El implacable relato de una recuperación

He sido una viajera impenitente y obcecada. Llena de pasión, y me viene de lejos, de la infancia y sus inventos. Porque la imaginación fue mi primer medio de transporte, pero a lo largo de años -los muchos años aunque yo no tenga conciencia del tiempo pasado como pérdida, sino como acumulación- abordé todo tipo de vehículos. Desde los grandes trasatlánticos a los barcos de carga, a la feluca egipcia, y los aviones a hélice y los jumbos, y los ricksahws y los tuc-tucs y hasta algún manso camello para no hablar de caballos de todo tipo, de monta y de tiro. Viajé a tracción a sangre animal, vegetal y hasta humana. De todo, menos a tracción a sangre propia.

Así hasta marzo del inefable 2010 que suena y luce tan elegante. Porque para el largo viaje de esa fecha -viaje al fondo de la noche- mi medio de transporte fue un virus. Anónimo él, indetectado aunque por fortuna finalmente expulsado de mi organismo; un virus que se alojó en mi cerebro y mientras vivió hizo sus estragos. Es decir su trabajo de virus. Y me transportó al fondo oscuro de mí borrándome de un plumazo los recuerdos de ese viaje. O casi.

Fragmentos del diario de la recuperación

Despertares atroces, vacíos, desesperantes, porque el despertar es la hora del germinar de ideas y las ideas no están, no está la imaginación que vuela y va a posarse en otra parte.

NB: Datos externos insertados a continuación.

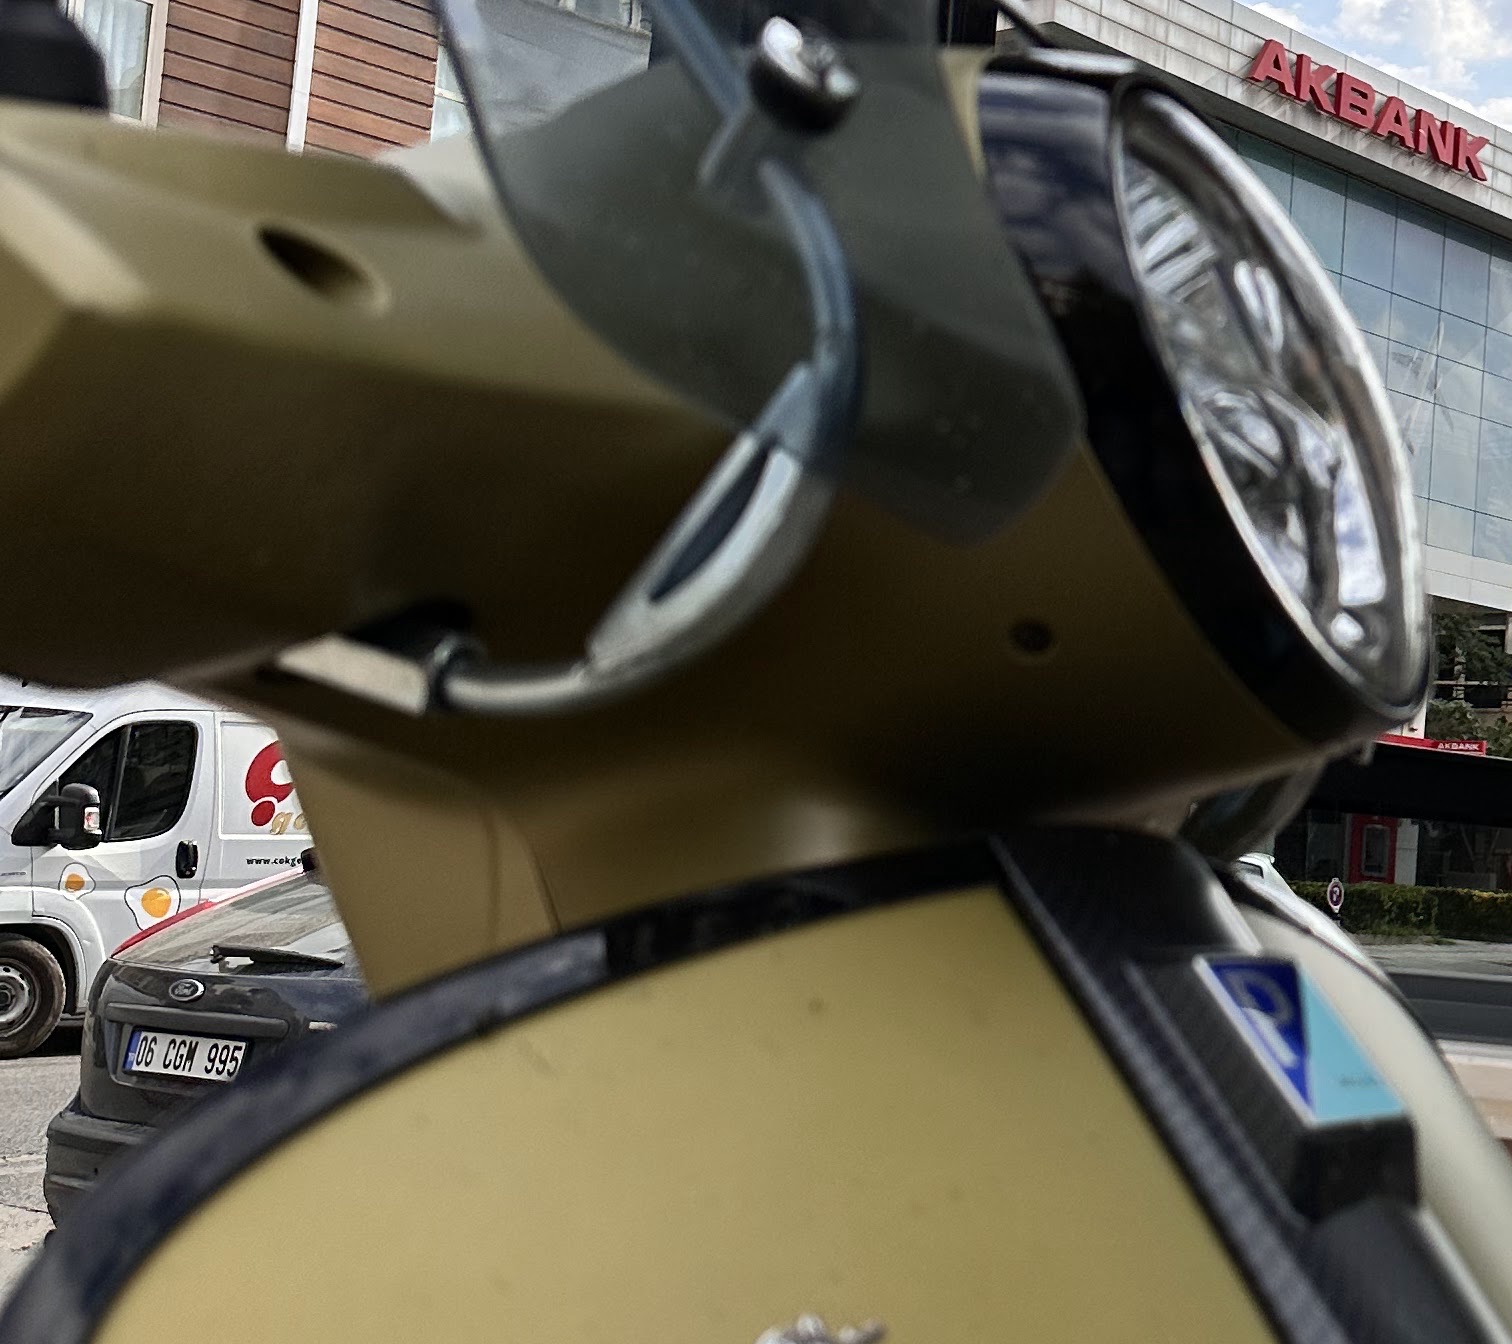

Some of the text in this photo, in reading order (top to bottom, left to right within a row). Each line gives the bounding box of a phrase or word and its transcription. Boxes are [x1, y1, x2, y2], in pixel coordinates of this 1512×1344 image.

[1248, 38, 1490, 182] AKBANK
[1436, 742, 1480, 751] AKBANK
[135, 1034, 243, 1078] 06 CGM 995

La belleza o la escritura como el colibrí que se cuela dentro de la casa. Hay que hacer ingentes esfuerzos para que salga porque dentro sabemos que el colibrí morirá indefectiblemente.

El techo abovedado, la bóveda craneana. Las banderolas y mejor aún, las claraboyas, la coronilla (chacra) salir por las ventanas más bajas, si no sale, muere.

En algún momento de la enfermedad le hablé a Leo de pájaros: Es un asunto de pájaros, me dice que le dije por teléfono, muy seria, y por ahí eran los que me sobrevolaban en la mente. “Tiene pajaritos en la cabeza” es la frase local para designar locura, como los bats in the bellfroy de la demencia inglesa.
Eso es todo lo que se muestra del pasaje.